George's Liquor Stable in Phillip, ACT, now have a respectable range of home brew kits (Coopers, Brewcraft, Muntons etc.), Morgans unhopped malt extracts and other K+K ingredients.

I picked up a Coopers IPA kit for $12.95, and a 1.5kg tin of Morgans Extra Pale Malt extract for $8.95 (not for the same brew  ) - quite reasonable compared to what I've paid elsewhere in the past.

Definitely worth a look for kits that Big W etc. don't stock.


----------



## carpkiller (26/4/08)

Another good one that I stumbled upon accidently is the tobacconist at the Calwell shopping centre. Not sure what it's called but he has a very large range of kits as well as Hops, yeasts and sugars etc.

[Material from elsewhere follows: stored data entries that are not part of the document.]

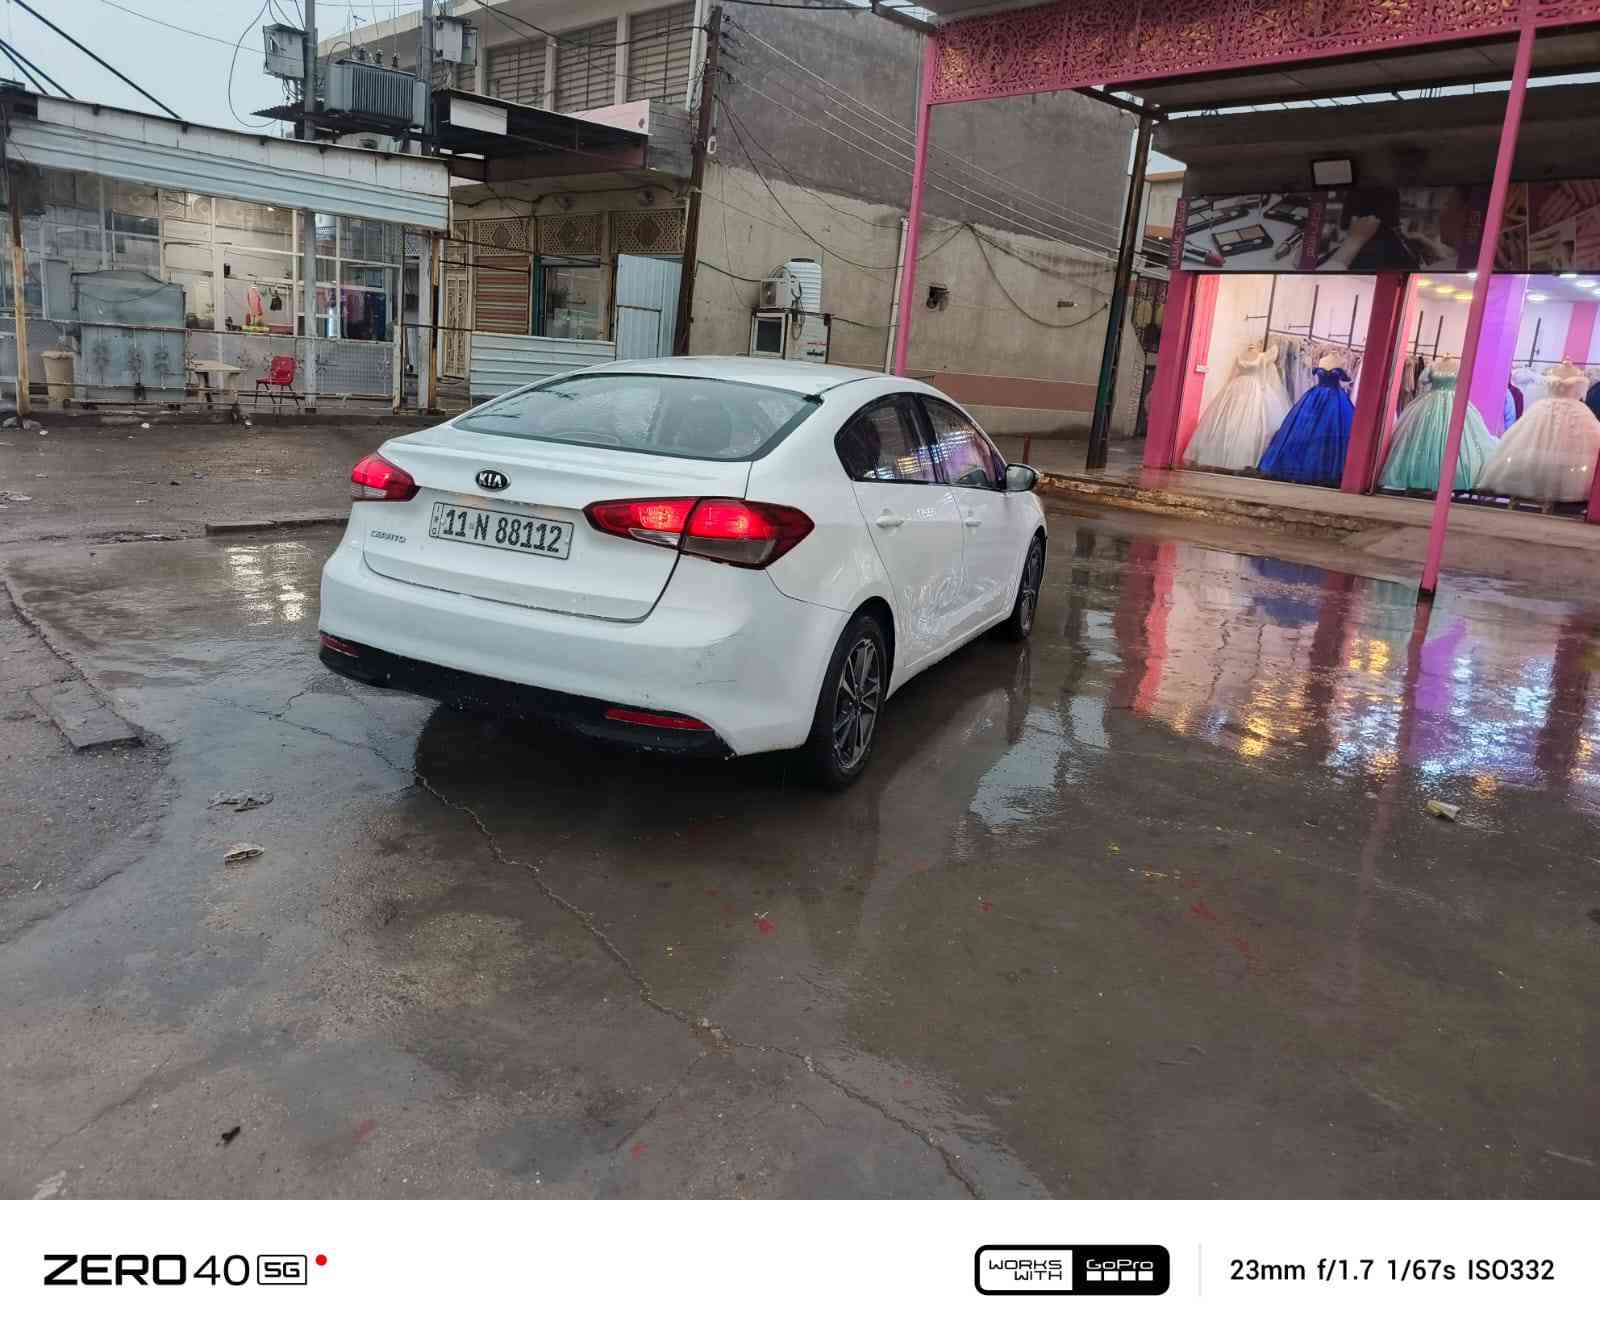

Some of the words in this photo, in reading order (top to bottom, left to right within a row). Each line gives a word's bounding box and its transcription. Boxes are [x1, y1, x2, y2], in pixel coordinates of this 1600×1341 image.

[479, 472, 503, 488] KIA
[443, 509, 468, 537] 11
[474, 512, 490, 541] N
[495, 516, 562, 553] 88112
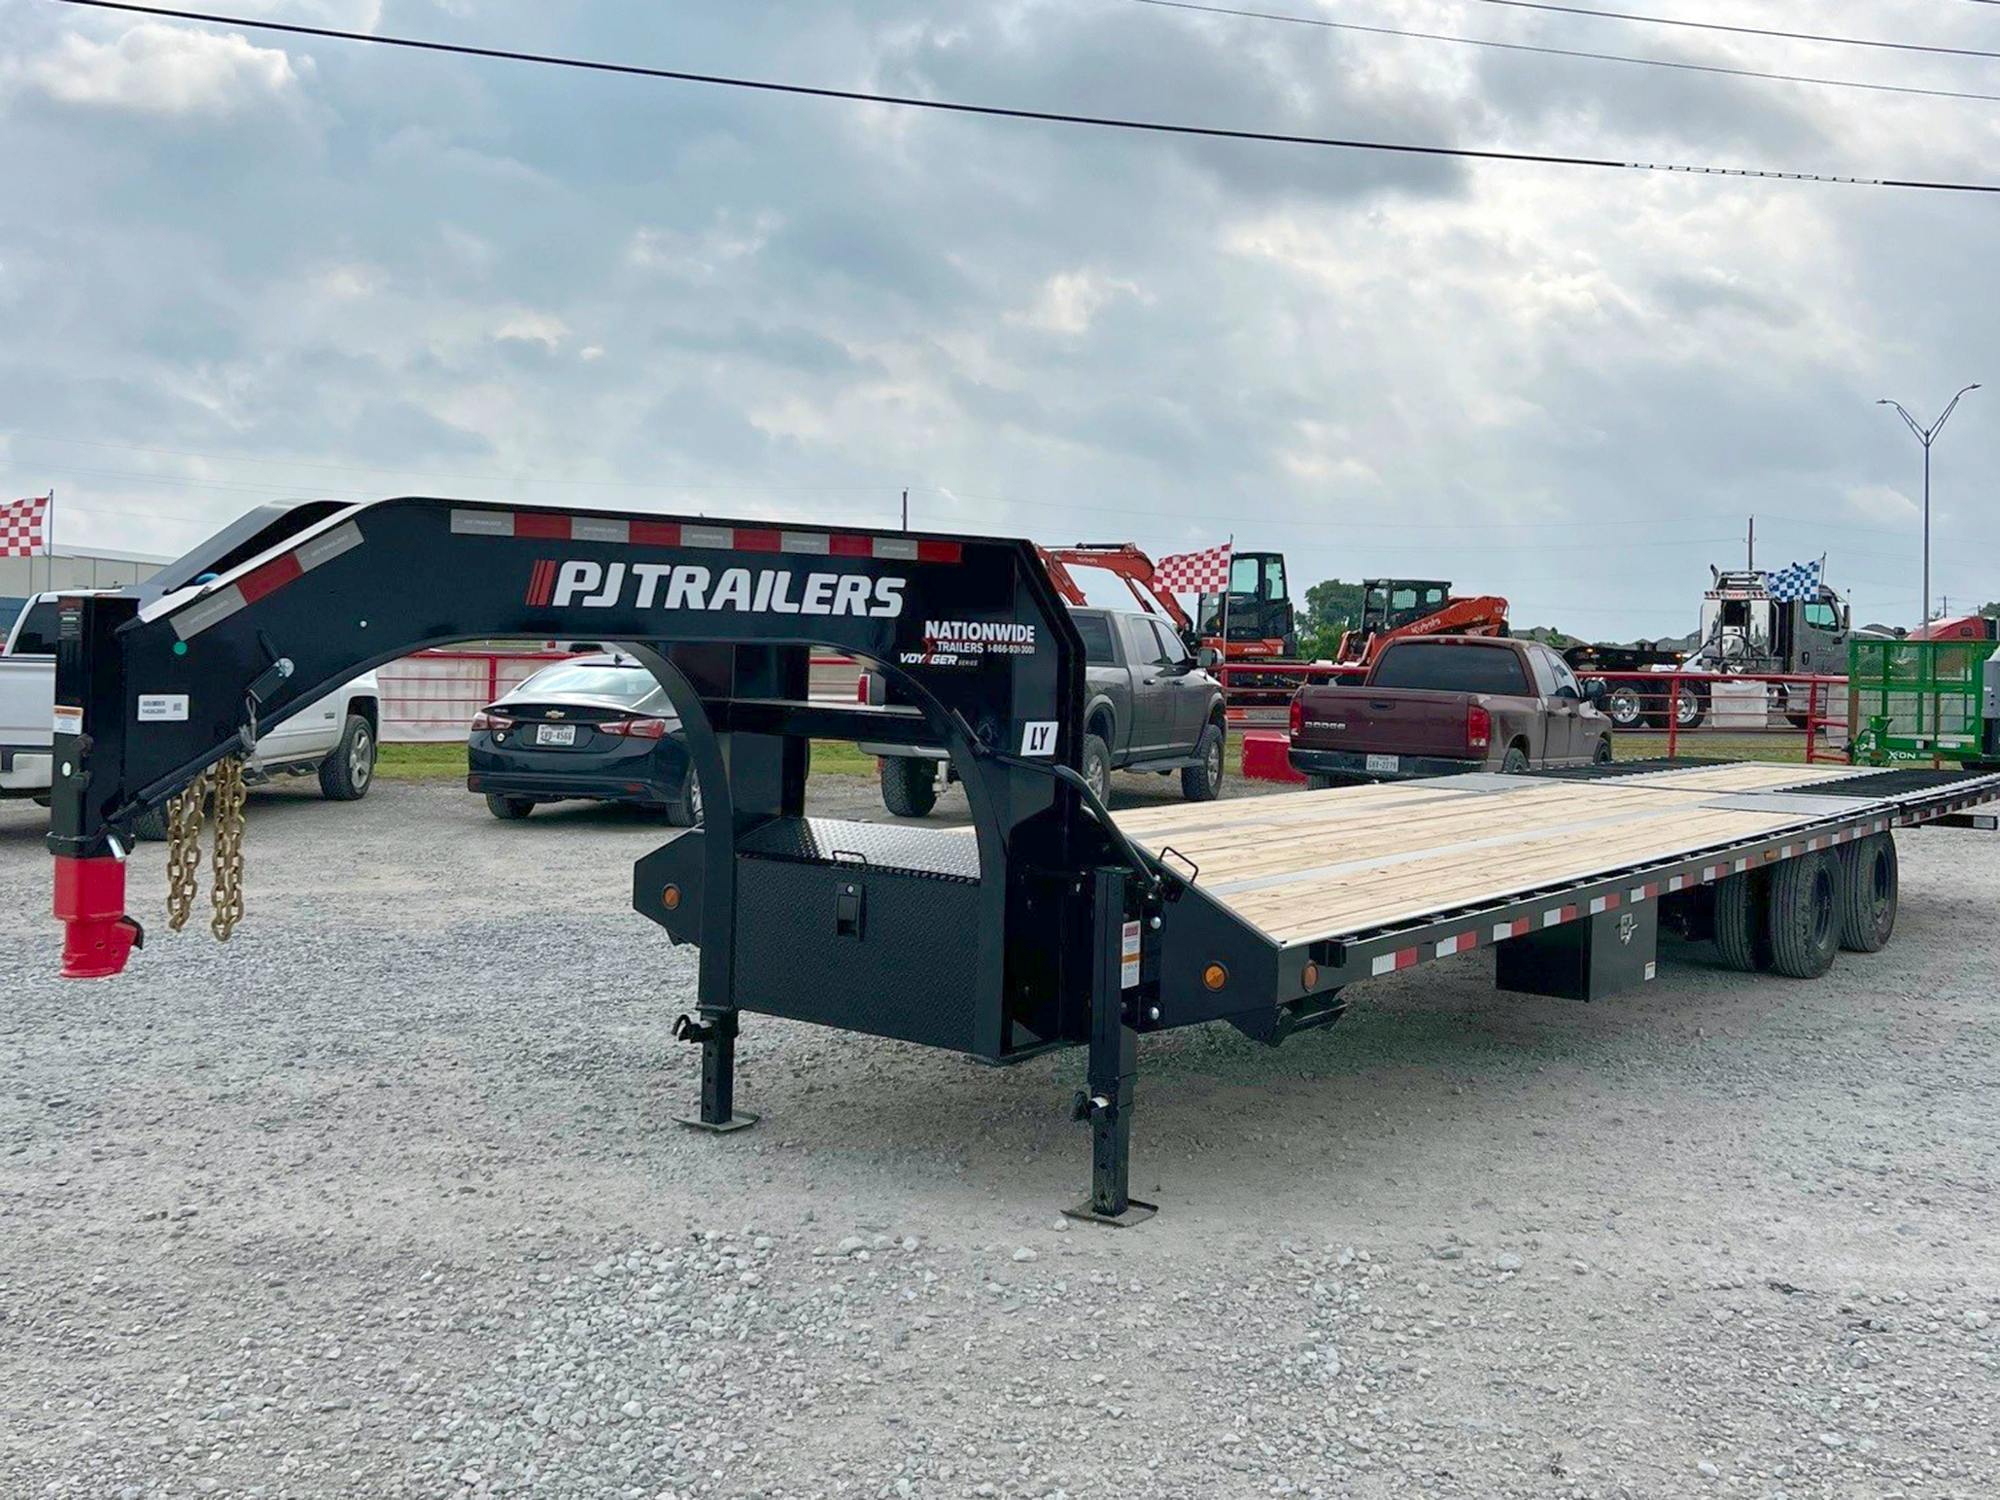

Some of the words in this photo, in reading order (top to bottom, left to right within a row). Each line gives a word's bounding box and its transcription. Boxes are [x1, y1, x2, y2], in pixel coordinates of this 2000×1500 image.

The bloke there also seems to know a lot about brewing and tells me if he doesn't have what I'm after he can get it.


----------



## Maxt (27/4/08)

Check the dates on everything at the Calwell store (Butts and Brew), especially yeast and hops...and basically, anyone who keeps their yeast and hops un-refridgerated knows bugger all about brewing.


----------



## Dicko ACT (27/4/08)

Maxt said:


> Check the dates on everything at the Calwell store (Butts and Brew), especially yeast and hops...and basically, anyone who keeps their yeast and hops un-refridgerated knows bugger all about brewing.



Butts N Brew (Kaleen) is the worst store for help and advice. I live on the North side of Canberra close to Kaleen, but I will drive all the way to Kambah (BYOAH) just to avoid their store...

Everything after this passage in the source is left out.